== Supplied information ==

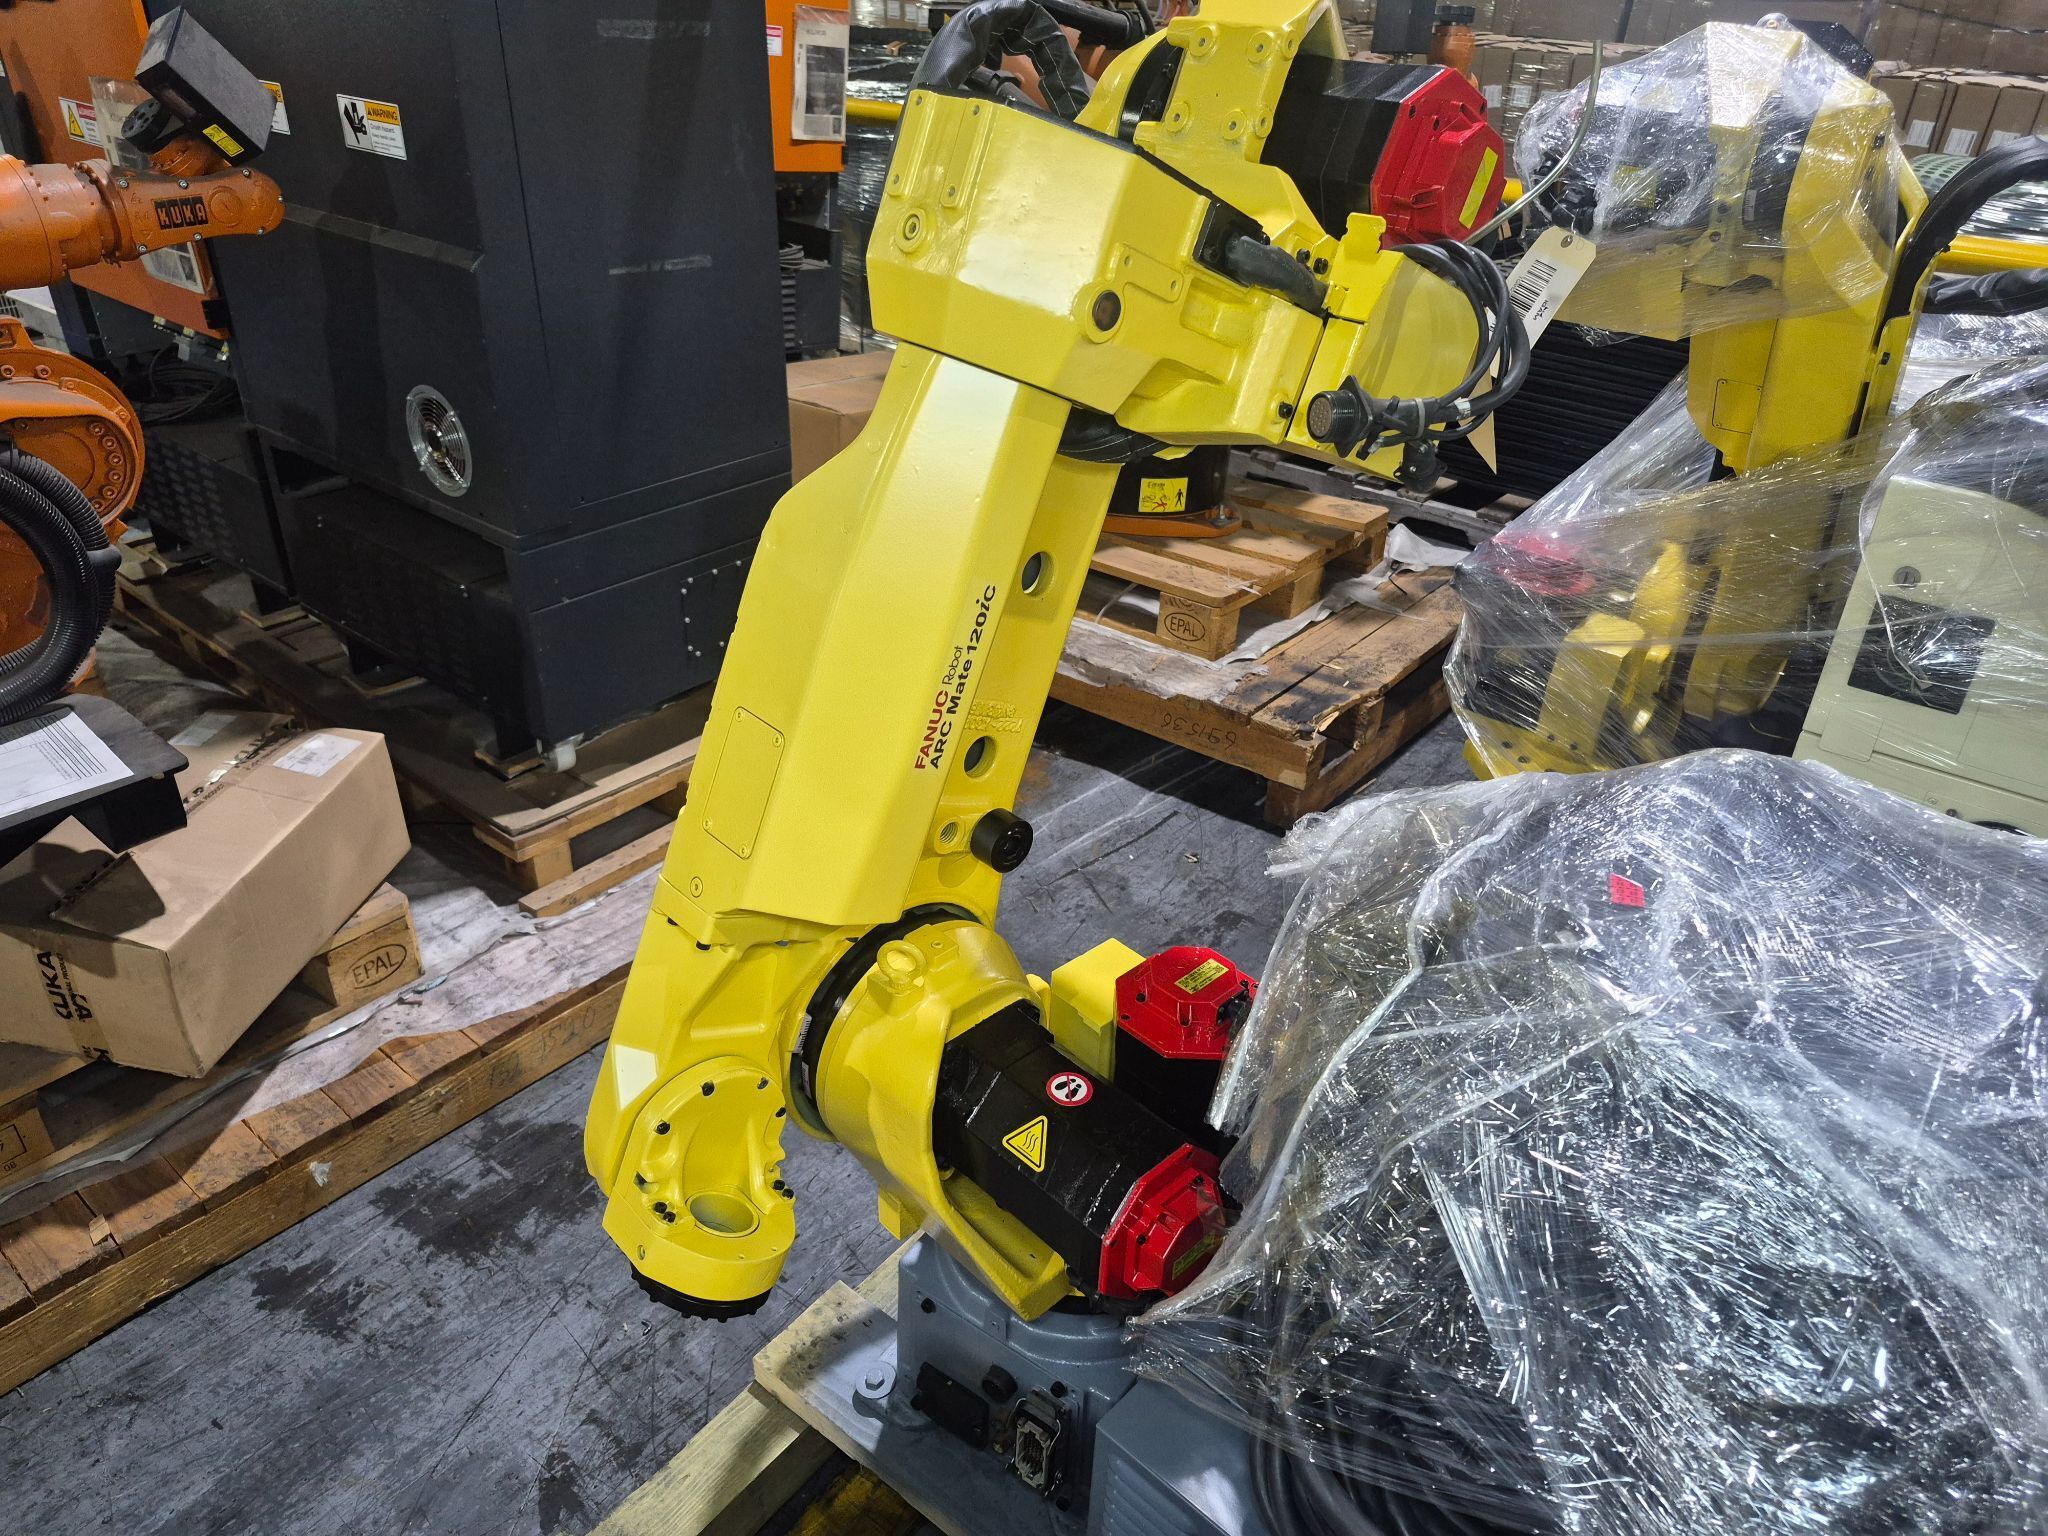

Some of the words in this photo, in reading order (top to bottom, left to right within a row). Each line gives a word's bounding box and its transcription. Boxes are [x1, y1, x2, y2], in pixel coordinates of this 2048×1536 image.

[157, 203, 206, 226] KUKA
[1170, 616, 1199, 638] EPAL
[930, 720, 952, 769] ARC
[946, 659, 972, 715] Mate
[967, 584, 996, 651] 120iC
[914, 690, 949, 769] FANUC
[942, 645, 963, 685] Robot
[352, 951, 400, 984] EPAL

===

#### [Task requirements]
What you hand back should match the entries above exactly, except that no picture appears.

#### [Solution to the problem]
Some of the words in this photo, in reading order (top to bottom, left to right within a row). Each line gives a word's bounding box and its transcription. Boxes are [x1, y1, x2, y2], in pixel coordinates of this 2048×1536 image.

[157, 203, 206, 226] KUKA
[1170, 616, 1199, 638] EPAL
[930, 720, 952, 769] ARC
[946, 659, 972, 715] Mate
[967, 584, 996, 651] 120iC
[914, 690, 949, 769] FANUC
[942, 645, 963, 685] Robot
[352, 951, 400, 984] EPAL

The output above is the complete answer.